# wondering about a bird rehab situation



## pigeon_is_love (Jul 18, 2007)

as some ppl may know i take care of a pigeon i found over the summer that was a nest drop.(blackie)She appeared to have maybe 2 broken legs,they were split .One healed well and the other sticks out sort of straight or towards the back.she flys but has a hard time to walk & perch.she is definitly handicapped with her leg like that.the bird rehabbers offered to look and it and maybe fix it if they can ,but initially i said no,now im wondering if i am doing the wrong thing.not sure if the stress is worth it.shes a sweet bird,good shape otherwise.shes definitly my pet.ive been thinking it over for a week or two ,stressing about it and not sure what to do.


----------



## TAWhatley (Mar 6, 2001)

Can you post some current pictures for us?
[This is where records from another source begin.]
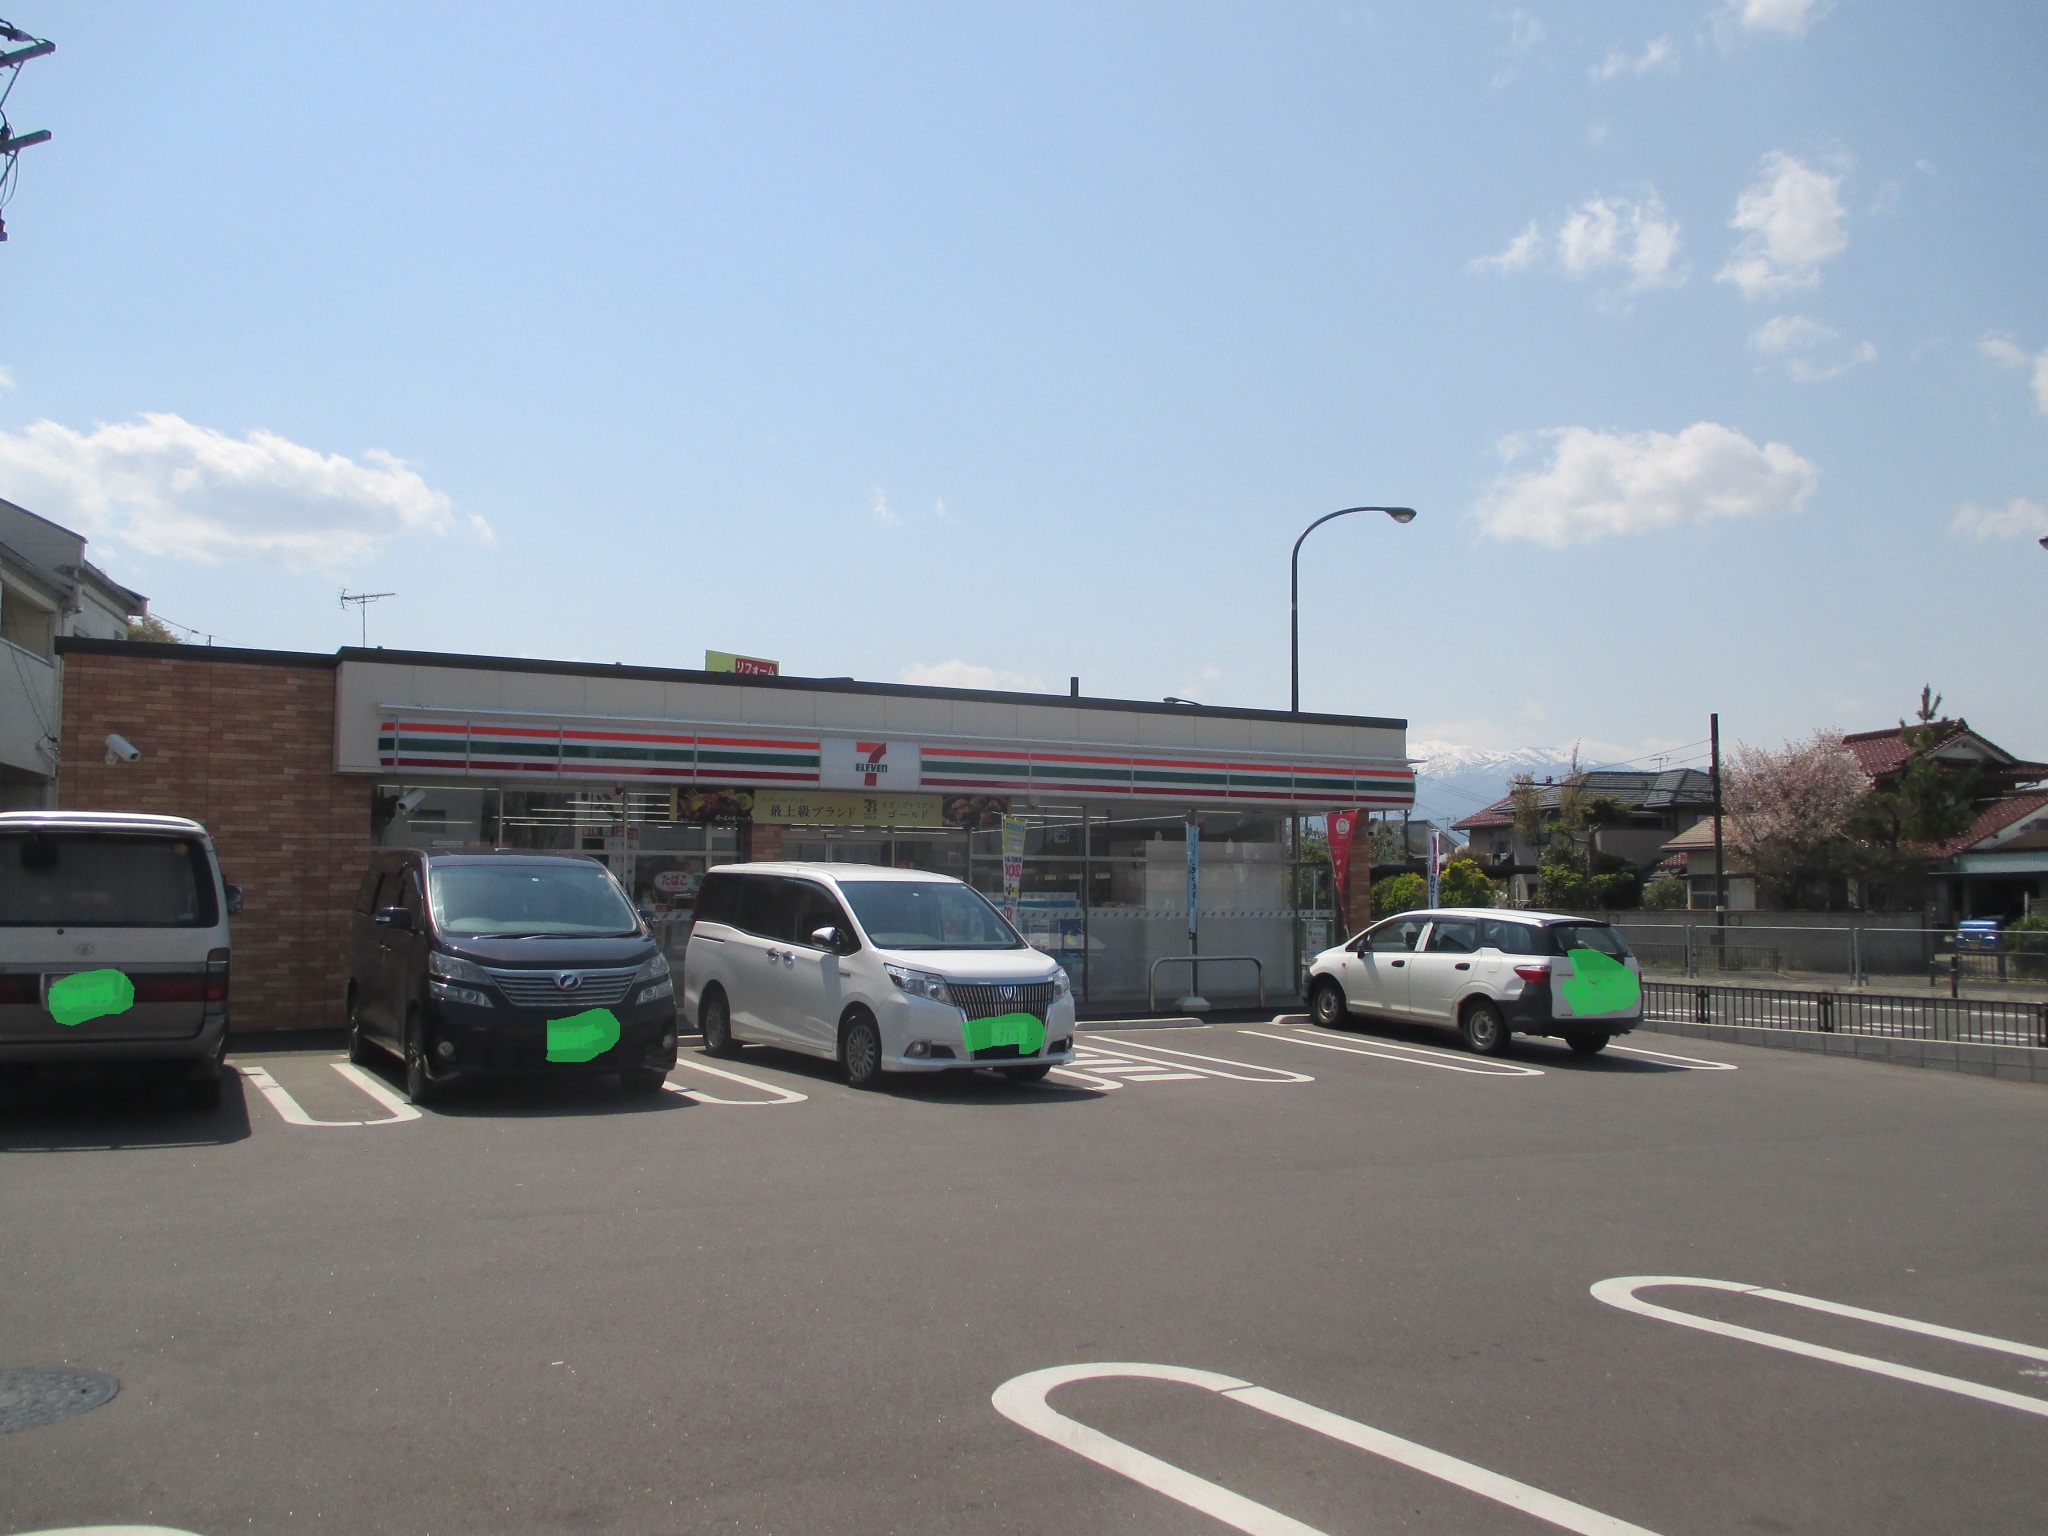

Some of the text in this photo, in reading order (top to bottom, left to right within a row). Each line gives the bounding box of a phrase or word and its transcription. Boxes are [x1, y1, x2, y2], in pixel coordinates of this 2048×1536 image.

[737, 662, 775, 676] リフォーム
[770, 804, 857, 818] 最上級ブランド
[887, 810, 929, 819] ゴールド
[661, 874, 688, 886] たばこ
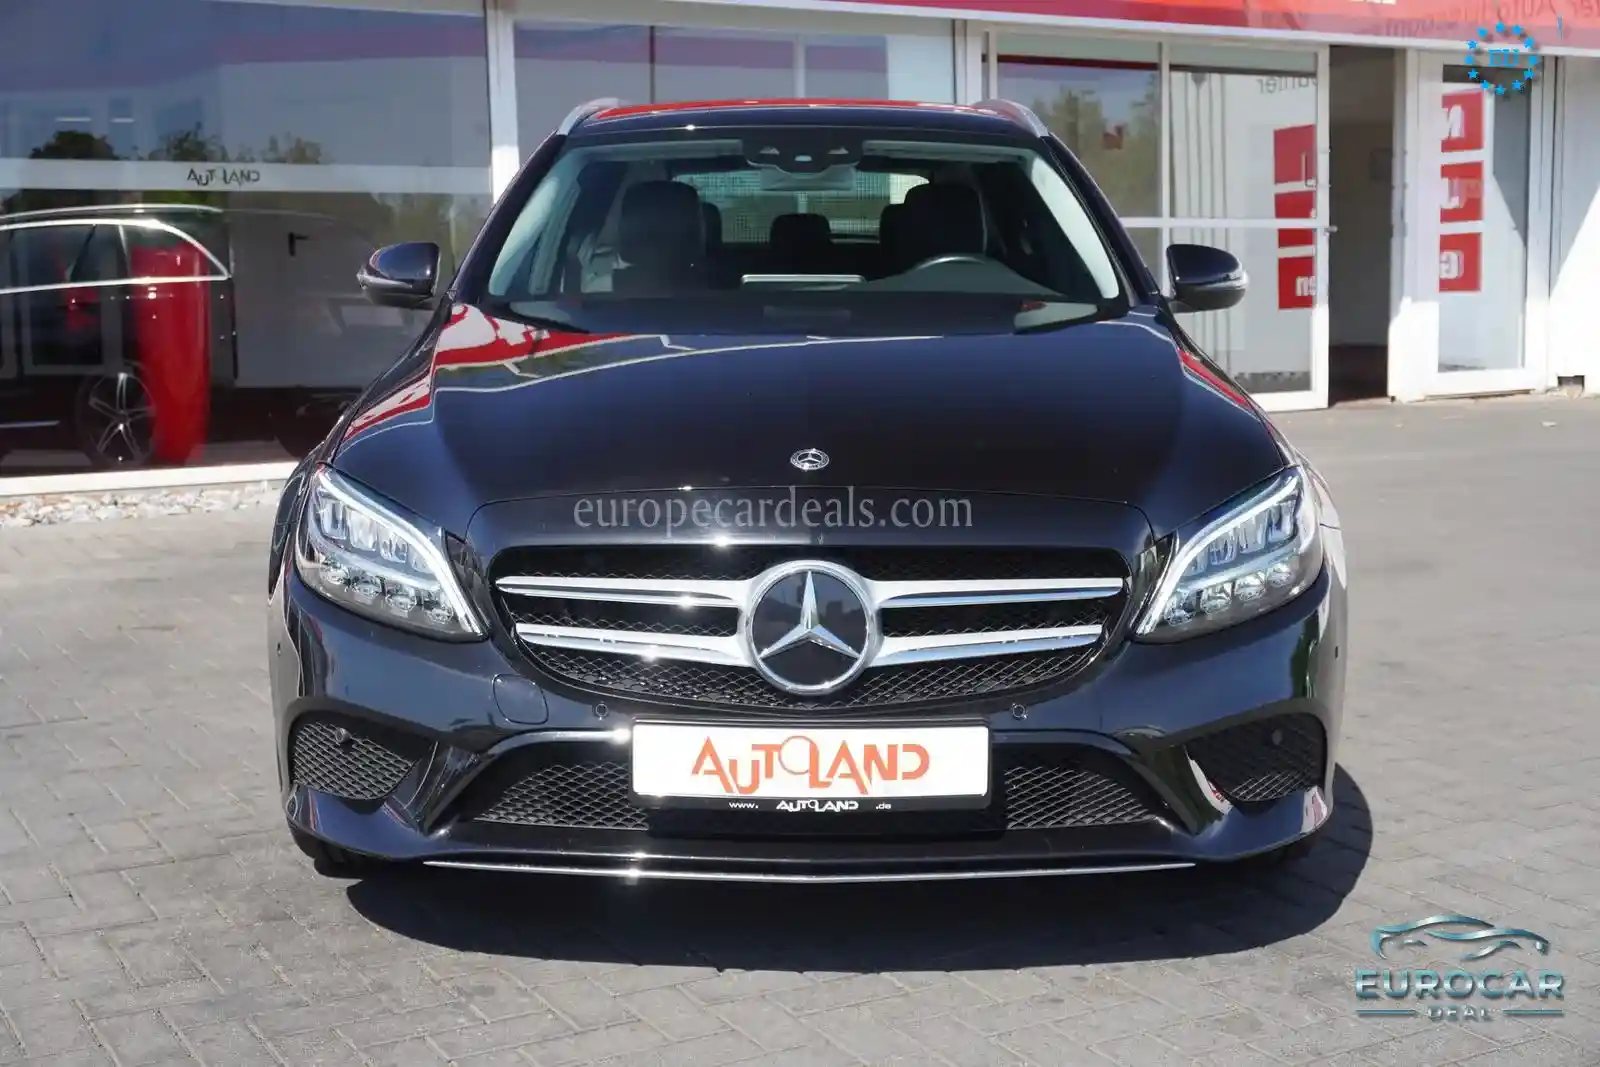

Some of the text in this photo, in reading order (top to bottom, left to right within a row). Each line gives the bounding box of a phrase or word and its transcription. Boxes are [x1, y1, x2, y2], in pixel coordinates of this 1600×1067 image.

That would help in being able to offer suggestions.

Terry


----------



## altgirl35 (Sep 5, 2008)

sounds like it could have splay leg, which can be repairable early in development, sometimes when they are older it can be done surgically


----------



## spirit wings (Mar 29, 2008)

I would say, would you want a Dr. to fix your leg... then go from there.


----------



## pigeon_is_love (Jul 18, 2007)

*will get a pic tomorrow.*

ahh good point spirit.I can try to get a pic in the morning.she said at the rehab they may have to put her to sleep and re-break it.it reminds me of something in cockatiels called... spraddle leg i think?i was concerned with the stress she would be under.shes had this problem her whole life-which is like..6 months maybe.


----------



## Jay3 (May 4, 2008)

If it is splayed leg, then it could have been fixed when the bird was younger. 
That said, why would you not want them to fix it if they could? Why would you not want your bird to be as normal as possible, rather than crippled?


----------



## altgirl35 (Sep 5, 2008)

sounds like another little scooter, i'm glad she has a good home with you


----------